▶ _Task to complete_
Omitting every picture, output the records below exactly, please.

▶ _Free-text object descriptions_
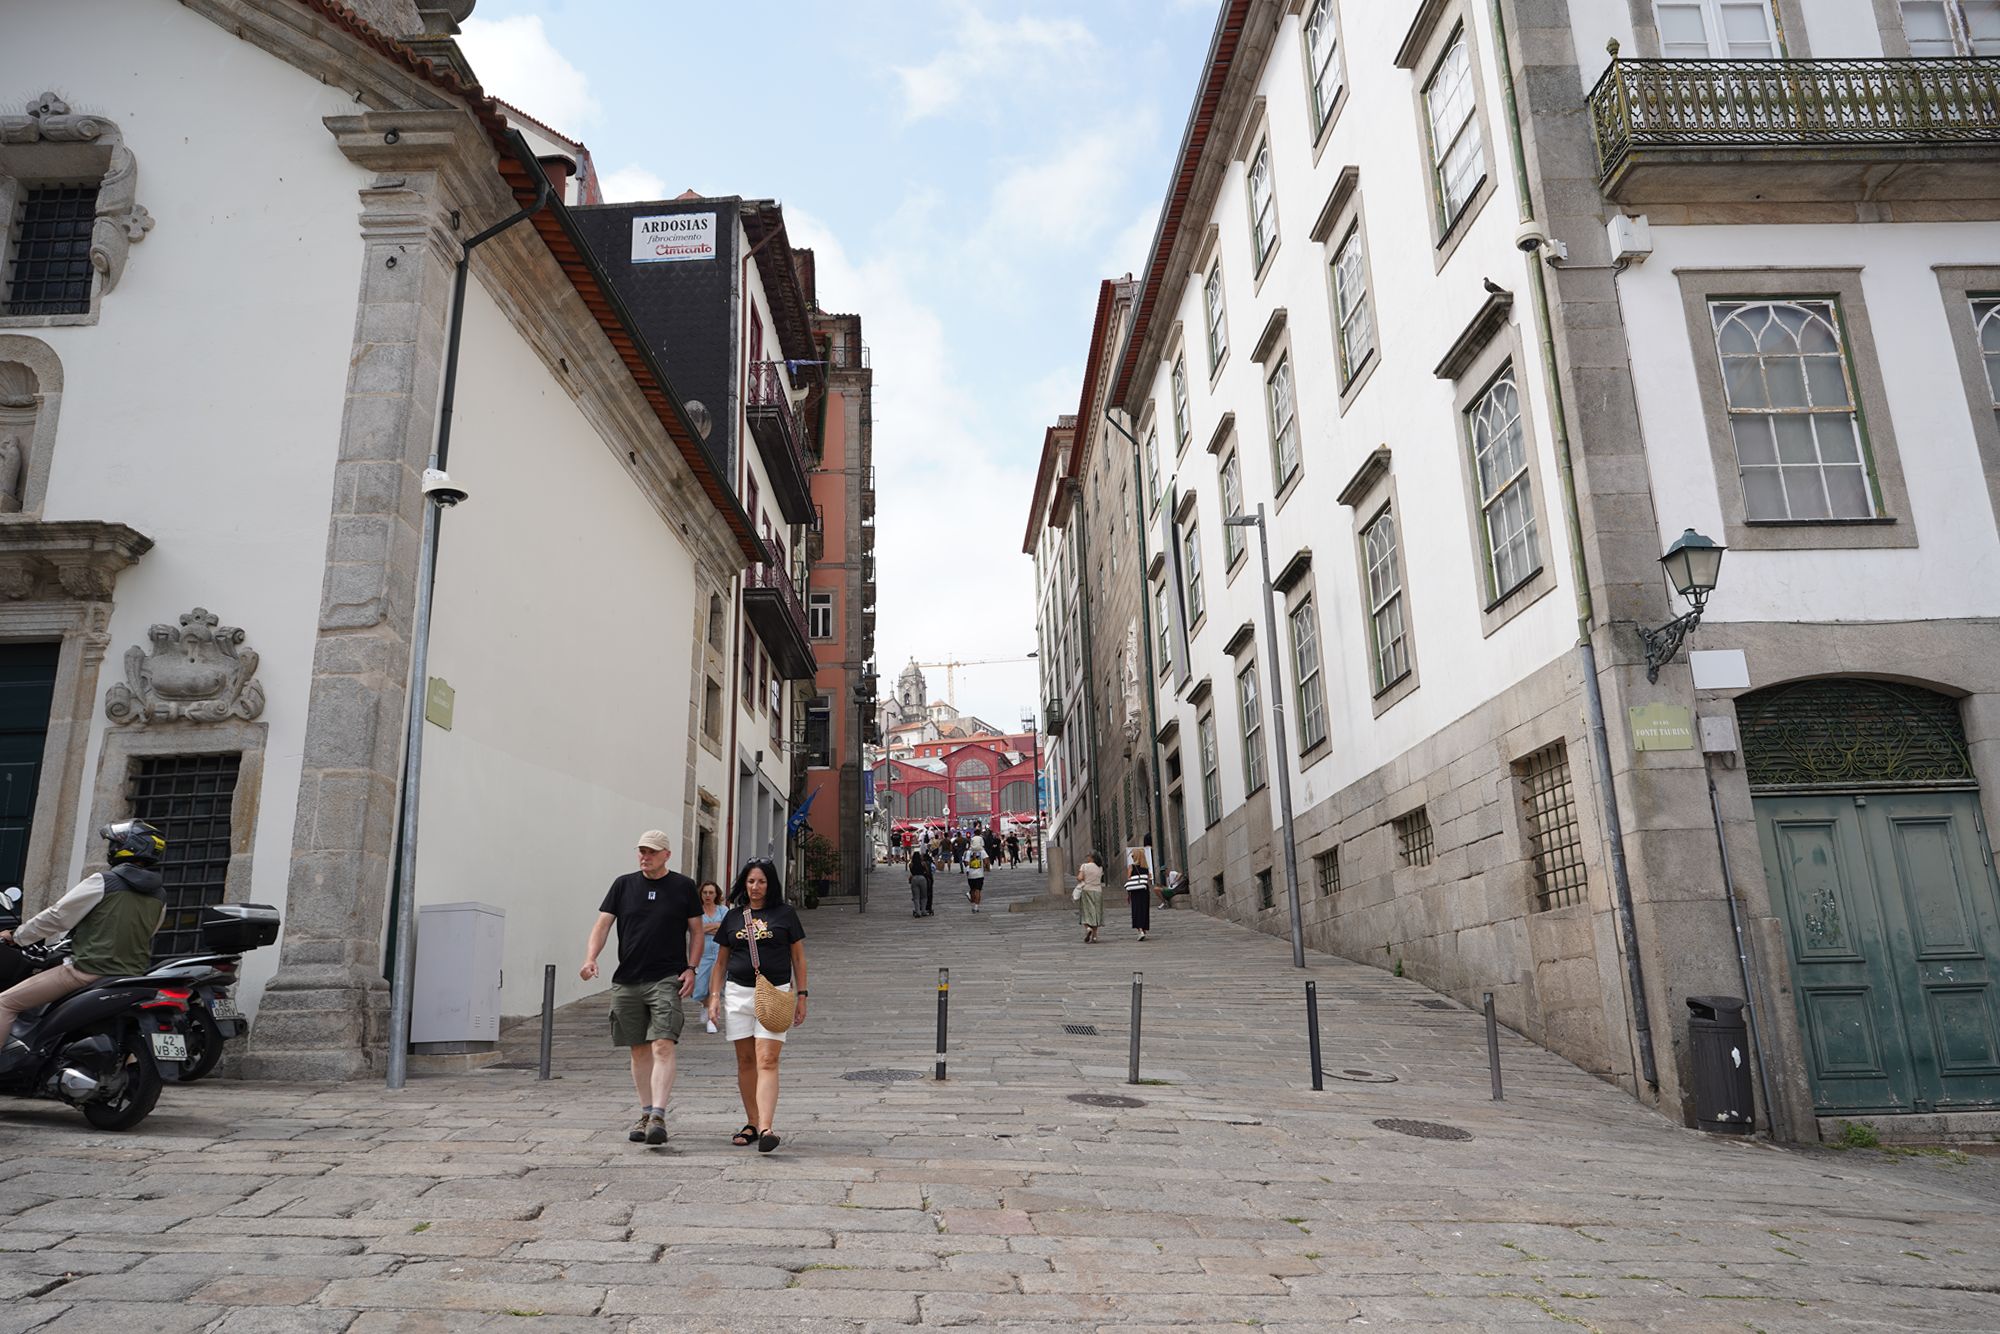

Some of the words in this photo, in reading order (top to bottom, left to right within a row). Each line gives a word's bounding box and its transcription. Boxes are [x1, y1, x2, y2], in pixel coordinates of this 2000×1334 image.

[641, 218, 708, 233] ARDOSIAS
[647, 234, 702, 245] fibrocimento
[163, 1035, 175, 1046] 42
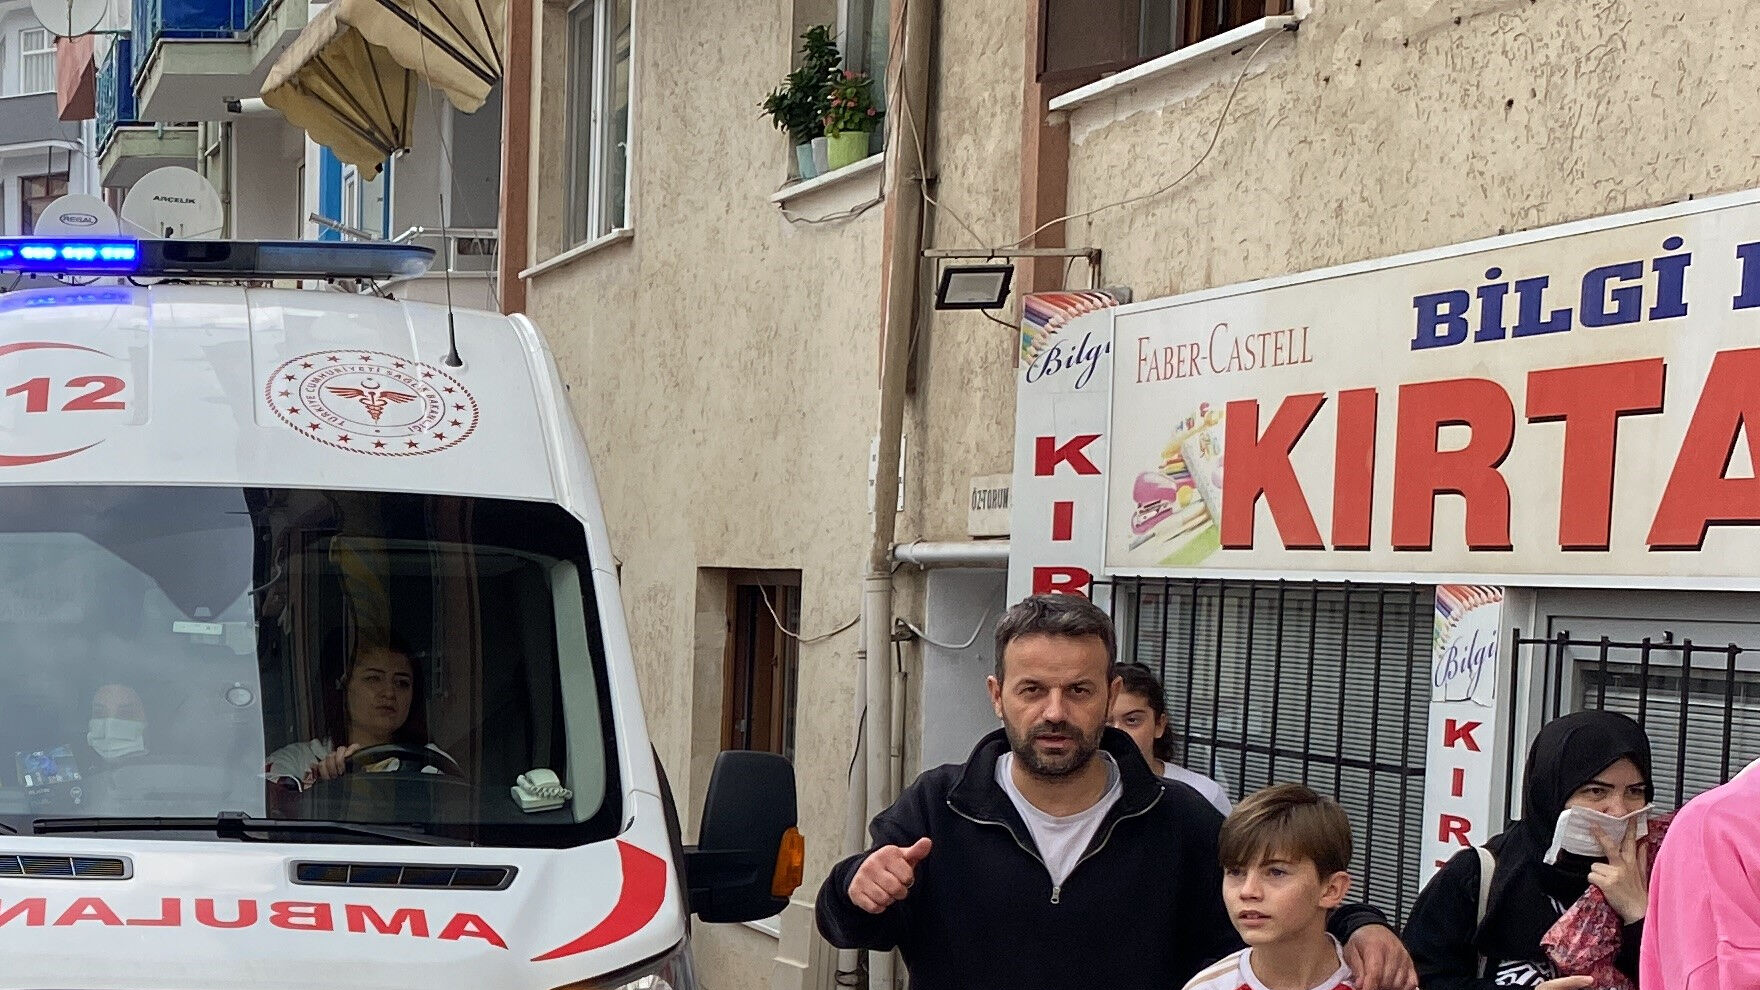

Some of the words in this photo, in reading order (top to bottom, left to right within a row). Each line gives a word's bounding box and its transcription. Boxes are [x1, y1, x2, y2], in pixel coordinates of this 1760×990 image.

[63, 215, 94, 224] REGAL
[1411, 236, 1692, 351] BİLGİ
[1434, 628, 1497, 699] Bilgi
[1434, 718, 1483, 869] KIR
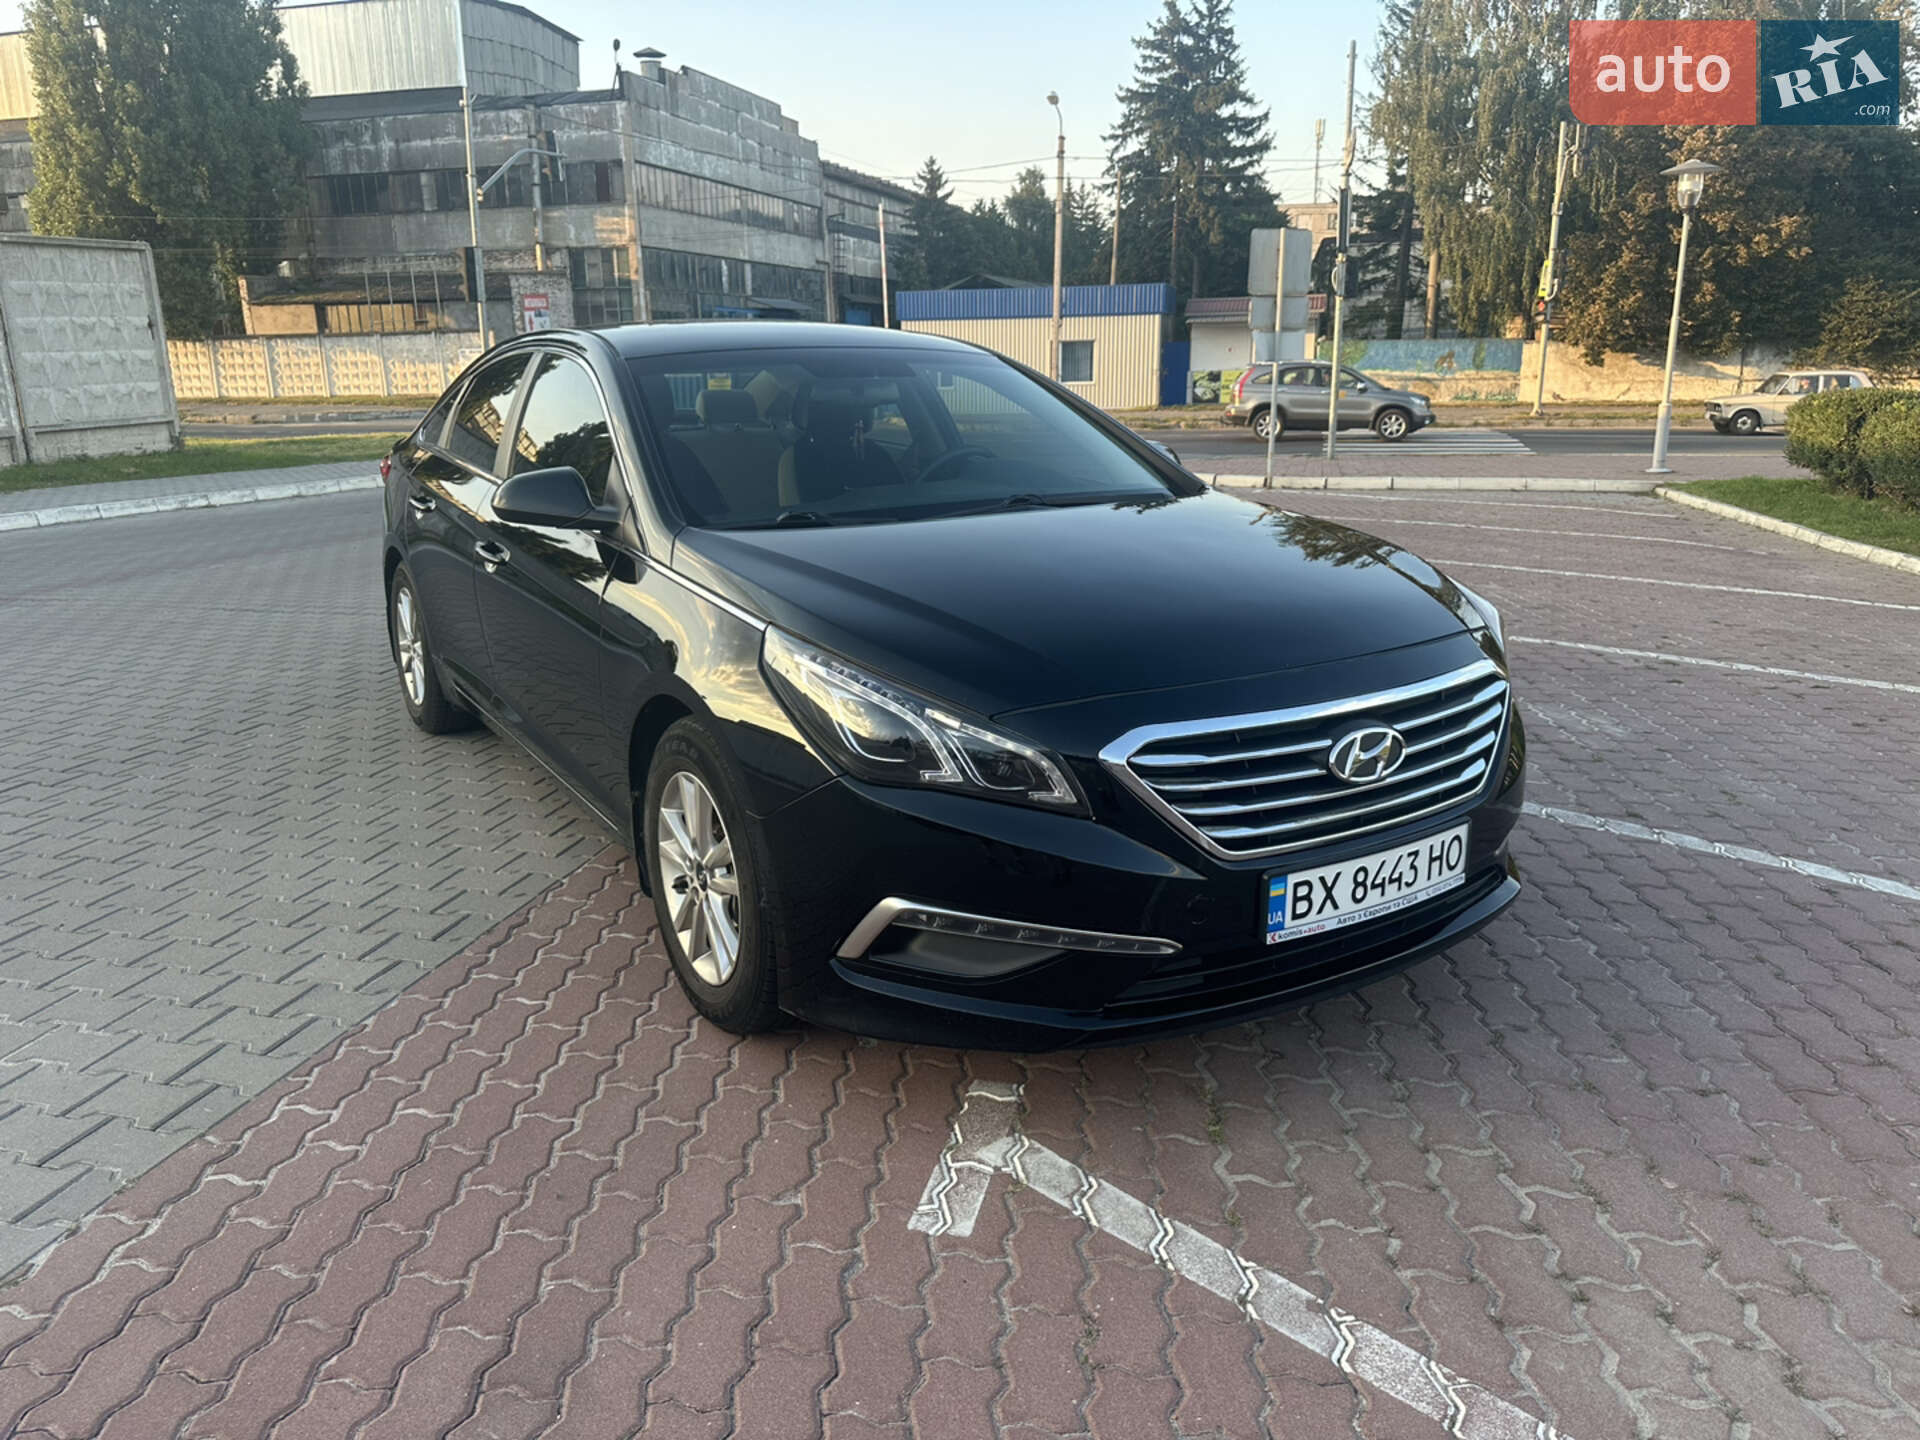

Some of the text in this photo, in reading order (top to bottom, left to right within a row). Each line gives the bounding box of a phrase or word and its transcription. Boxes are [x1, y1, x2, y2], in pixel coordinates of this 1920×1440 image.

[1291, 871, 1342, 921] BX
[1351, 849, 1419, 904] 8443
[1427, 834, 1462, 881] HO
[1268, 911, 1284, 925] UA

▶ _The completed task_
Some of the words in this photo, in reading order (top to bottom, left to right within a row). Each line gives a word's bounding box and its transcription. Boxes are [x1, y1, x2, y2], in pixel coordinates of this 2000×1334 image.

[641, 218, 708, 233] ARDOSIAS
[647, 234, 702, 245] fibrocimento
[163, 1035, 175, 1046] 42

Some of the words in this photo, in reading order (top to bottom, left to right within a row). Each line gives a word's bounding box and its transcription. Boxes are [x1, y1, x2, y2], in pixel coordinates of this 1760×990 image.

[63, 215, 94, 224] REGAL
[1411, 236, 1692, 351] BİLGİ
[1434, 628, 1497, 699] Bilgi
[1434, 718, 1483, 869] KIR

Some of the text in this photo, in reading order (top to bottom, left to right within a row). Each line gives the bounding box of a phrase or word and its transcription. Boxes are [x1, y1, x2, y2], in pixel coordinates of this 1920×1440 image.

[1291, 871, 1342, 921] BX
[1351, 849, 1419, 904] 8443
[1427, 834, 1462, 881] HO
[1268, 911, 1284, 925] UA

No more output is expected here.